You get used to odd looks from politicians.
Glares, the day after you've been disobliging on the telly. Patronising smirks from people you have failed to nail. Pitying shakes of the head from MPs you have known for years who thought that the piece the previous night was an all-time low.
But in the run-up to this election, I've had gapes, dropped jaws and gusts of laughter.
The reason is that I have been hurriedly changing from my suit to jeans and T-shirt, with bomber jacket and back again.
A semi-naked Marr was seen in the gardens by the House of Lords, stripping shirts on and off, to whoops from a bus of elderly female tourists.
Eventually, the chairman of the Conservative Party, Michael Ancram, was moved to stop me in the street and gently ask what the hell I was up to.
He was only mildly disconcerted by the answer, which was that I was making a short film for BBC1, 'Why Bother', asking whether this general election, into which I was about to pour so much sweat, sleeplessness and mental effort, really mattered at all?
The idea was to divide the official, on-duty Marr in tie and suit, from a more sceptical, ordinary Marr in ordinary clothes, heckling him.
Viewers will have to decide for themselves whether it was worth making; but the issue is certainly worth discussing.
Here are a few raw facts which don't appear in the film. Since 1992, there has been a slump in turnout for all kinds of election - national, local, European.
Among the lowest low points were the Leeds Central by-election of 1999 (19.6% turnout) and the English local elections of the previous year, when fewer than 29% voted.
Labour's 1997 landslide happened with the lowest general election turnout since 1935. Yet before that election, far higher proportions of people said they were certain or likely to vote than this time round.
We may be heading for the lowest turnout since the chaotic, unusual election of 1918 which was not, by modern standards democratic at all, since no women could vote.
So yes, this could be the lowest general election turnout in British democratic history.

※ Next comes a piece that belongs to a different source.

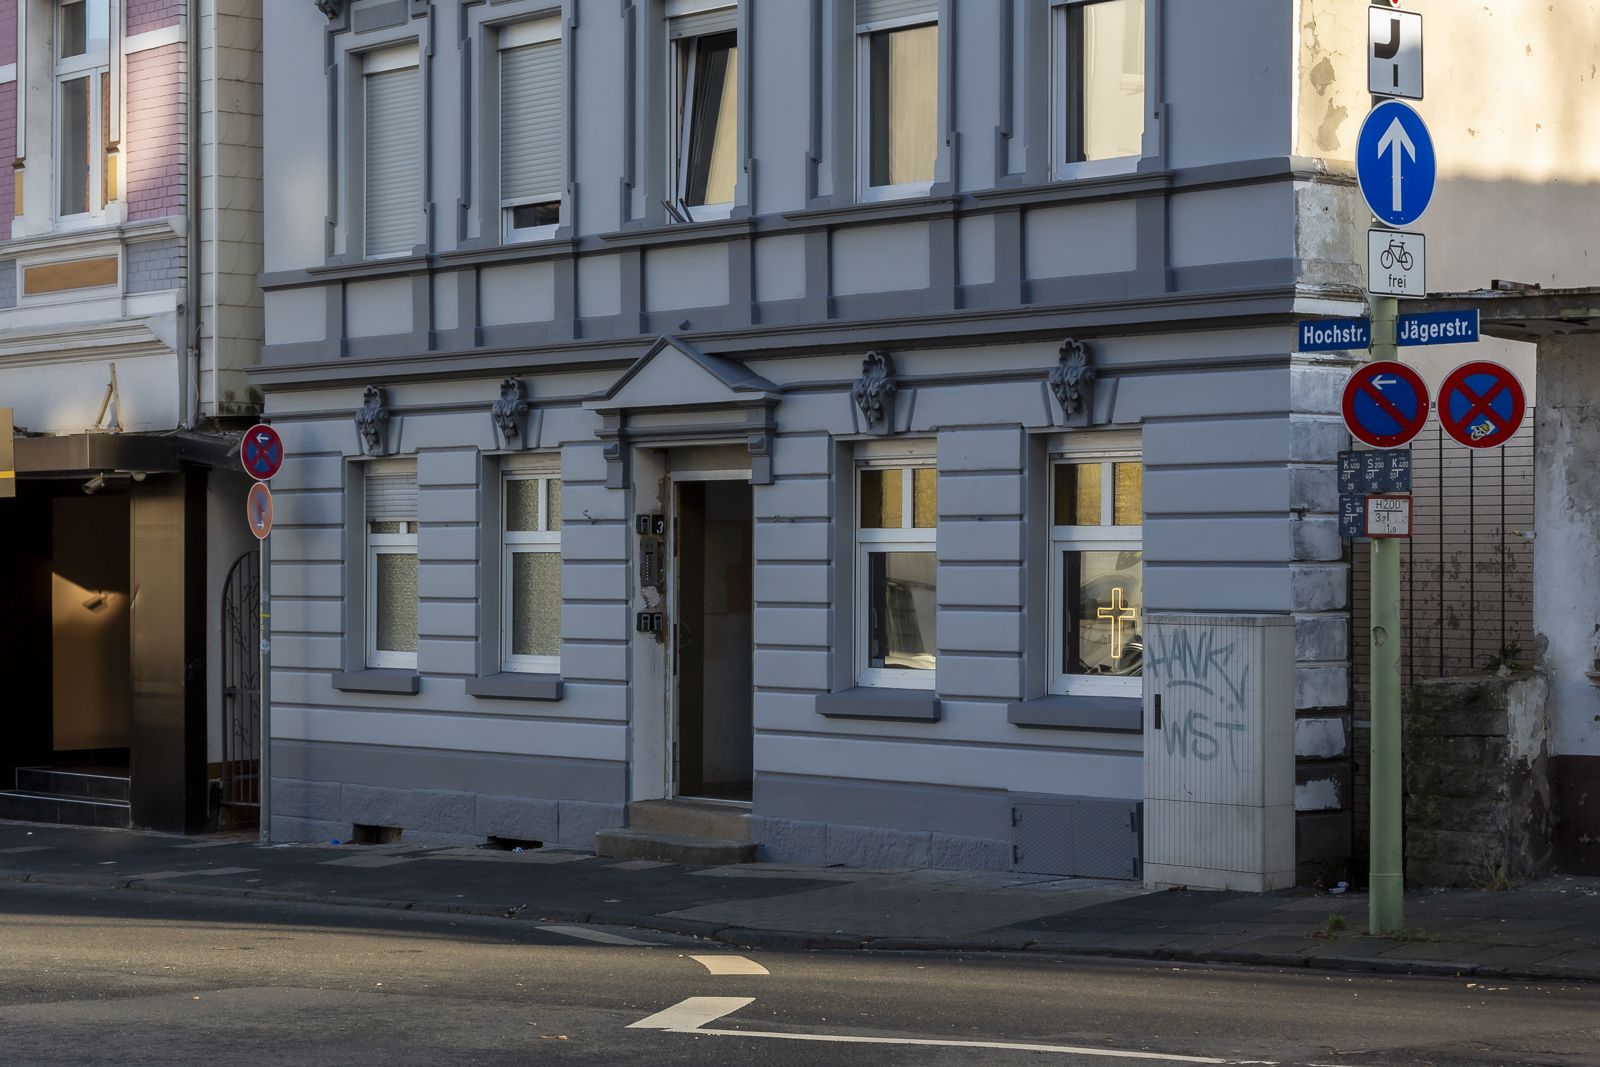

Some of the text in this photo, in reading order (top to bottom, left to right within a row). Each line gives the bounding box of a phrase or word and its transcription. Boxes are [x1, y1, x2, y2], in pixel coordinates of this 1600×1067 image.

The reasons are easy to spot.
Fewer of us identify with political parties. Politics, as the expression of state power, matters less in a time when war seems a remote possibility, when privatisation has pulled the state out of more of the economy and when the market power of big companies shapes our lives so strongly.
Though there are still big differences between the parties - which I argue in the film are underestimated by many people - they seem nearer than in the old days of 'socialist' against 'capitalist'.
And of course many issues which do get people going, from fox-hunting to gay rights, withdrawal from Europe to embryo research, don't fit neatly into the pattern of the big-party contest.
So what? Turnout could fall a lot further from the 71.4% of 1997 before it reaches the average in the US over the past 40 years, of just 54%.
Maybe low interest in politics is the sign of a happy, stable society with less on its mind?
Maybe it is the people's way of stopping the politicians from getting unbearably pompous?
There is something in that. But as turnout levels fall, the danger of our political system getting hijacked by small, vocal, well-organised groups who don't represent the majority, grows.
An instability enters the system, even if in the long term it may be self-correcting.
More important still, since we are part of a highly developed social world, living inter-connected lives, a full sense of ourselves must surely involve some public thinking, some wider social views and choices - in short, some politics, however brief.
Or are we simply becoming a nation of shoppers?